Les paysages spécifiques de l’Aubrac.

« Images d’un dépouillement presque spiritualisé du paysage, qui mêlent indissolublement, à l’usage du promeneur, sentiment d’altitude et sentiment d’élévation » (Gracq 1992). Le GR 65, ce fil ténu plus ou moins tendu à travers l’Aubrac, est, aux dires des pèlerins, un lieu « à découvrir absolument », « une expérience unique », il fait partie des « plus beaux » paysages visibles sur les itinéraires de Saint-Jacques. La comparaison des photographies (et surtout des grilles d’analyse) prises sur ce tronçon avec les autres est édifiante (Figure 2).

Figure 2 : Extrait des photographies utilisées pour l’étude. L’Aubrac : un paysage homogène aux variations multiples. Sources : M. Grieselin (1999-2005).

Figure 2 : Extrait des photographies utilisées pour l’étude. L’Aubrac : un paysage homogène aux variations multiples. Sources : M. Grieselin (1999-2005).
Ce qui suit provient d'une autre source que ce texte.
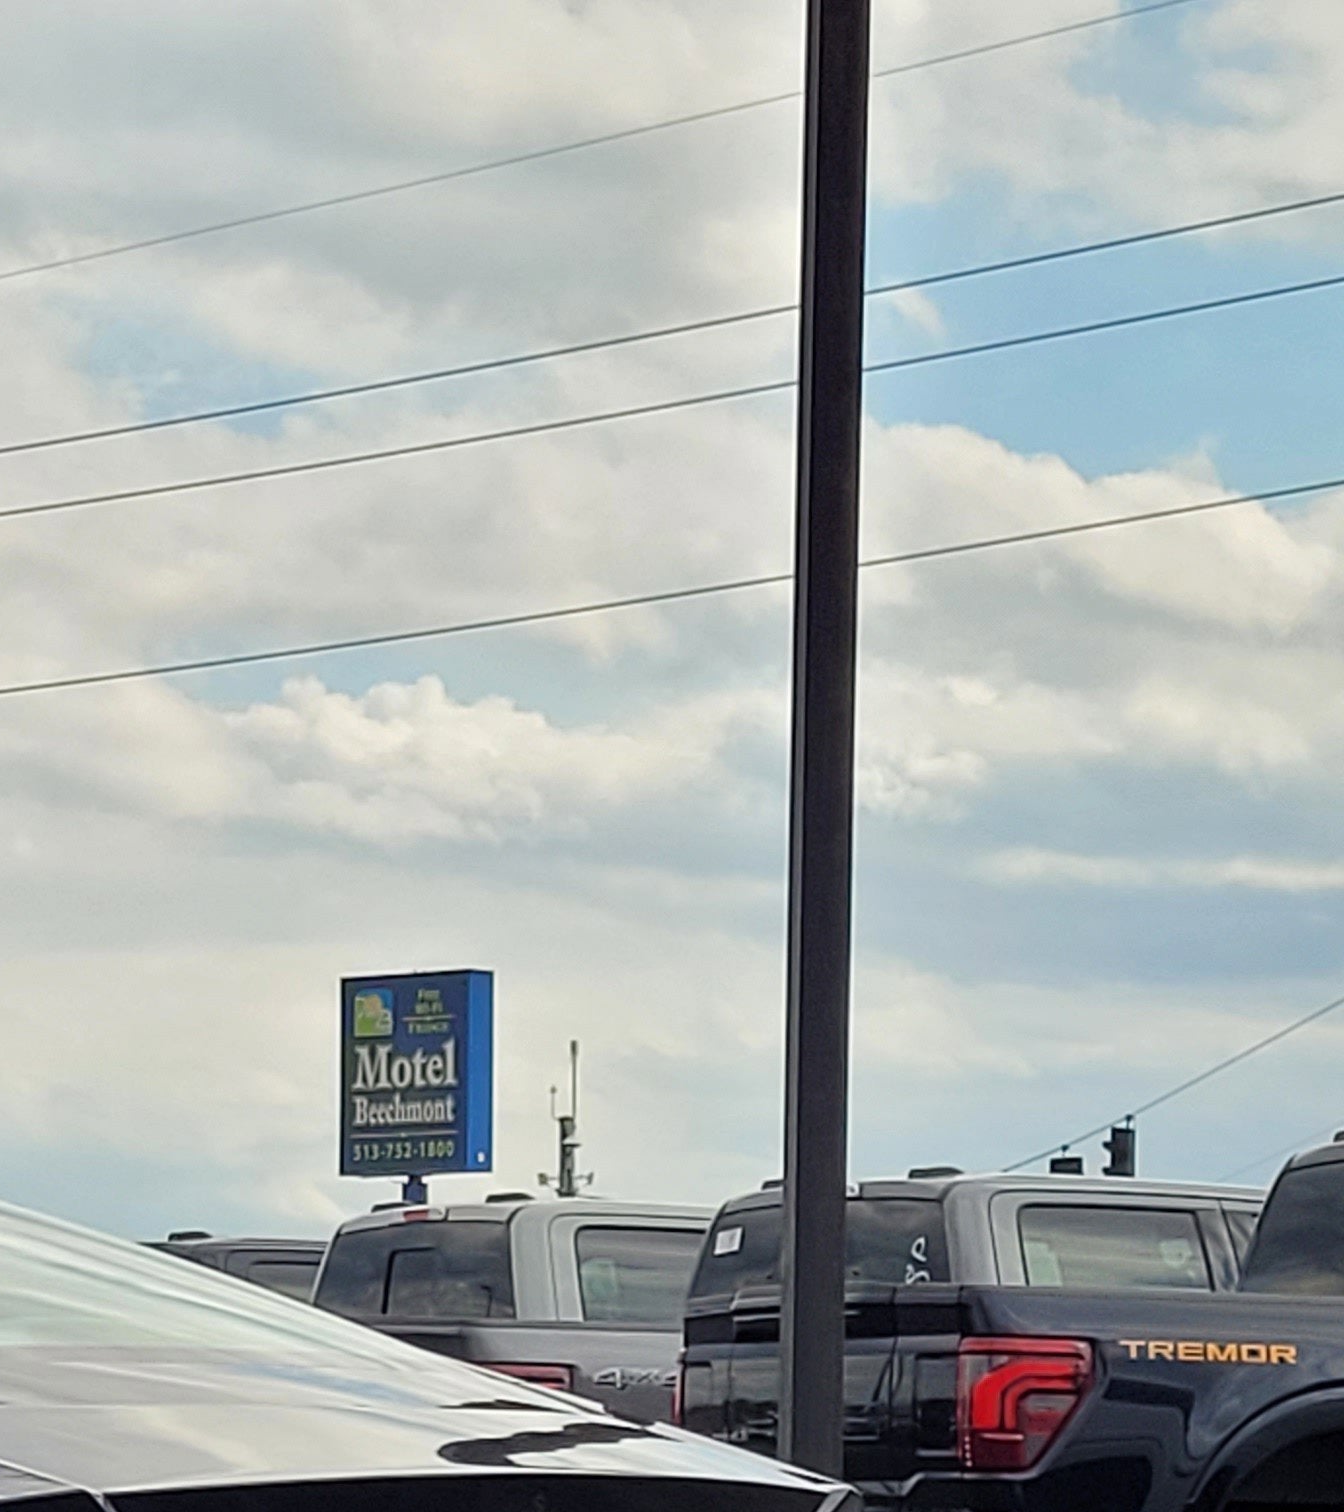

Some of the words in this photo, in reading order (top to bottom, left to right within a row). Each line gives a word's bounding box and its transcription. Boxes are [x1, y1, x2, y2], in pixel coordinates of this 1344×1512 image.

[352, 1038, 458, 1090] Motel
[352, 1093, 455, 1125] Beechmont
[1118, 1339, 1298, 1365] TREMOR
L’Aubrac est un plateau elliptique de 55 kilomètres de long sur 40 kilomètres de large légèrement ondulé et incliné vers le nord-ouest. Il se situe à une altitude moyenne de 1300 mètres et son point culminant s’élève à 1471 mètres. Le plateau est délimité à l’ouest, au nord et à l’est par une rivière appelée la Truyère et au sud par le Lot. Le plateau s’insère dans un système de moyennes montagnes avec, au nord (35 kilomètres), le Plomb du Cantal et à l’est, les monts de la Margeride.

La traversée de l’Aubrac fait partie de la portion le Puy en Velay-Figeac. Sa notoriété pourrait laisser penser qu’il s’agit d’un plateau clairement identifiable. Mais en parcourant le GR 65, la découverte se fait progressivement. Il y a préalablement l’ascension des petits sommets du Velay et de la Margeride, d’où l’Aubrac apparaît de loin. Ensuite, après avoir traversé la rivière de la Truyère, la montée sur le plateau se fait progressivement, tout comme la découverte des paysages attendus. Le marcheur passe Aumont sur Aubrac et Chaze de Peyre où la forêt est encore omniprésente. Puis le paysage s’ouvre, plus haut que les alentours. Le marcheur a l’impression d’être sur une île, une île au vent. Viennent alors Finieyrols, Nasbinals et Aubrac avant la descente franche vers St-Chély-d’Aubrac et Lestrade en direction de Saint-Côme-d’Olt pour découvrir un autre paysage, celui de la vallée du Lot. Au total, une traversée d’une soixantaine de kilomètres qui, souvent, reste dans les mémoires.

Le corpus photographique constitué a rendu possible un travail d’analyse précis qui, dans les années 2000, avait notamment abouti à la constitution d’une typologie paysagère (Griselin, Nageleisen et Ormaux 2002-2008). Cette analyse systématique et objective va permettre ici de comparer la traversée de l’Aubrac avec le reste de Saint-Jacques.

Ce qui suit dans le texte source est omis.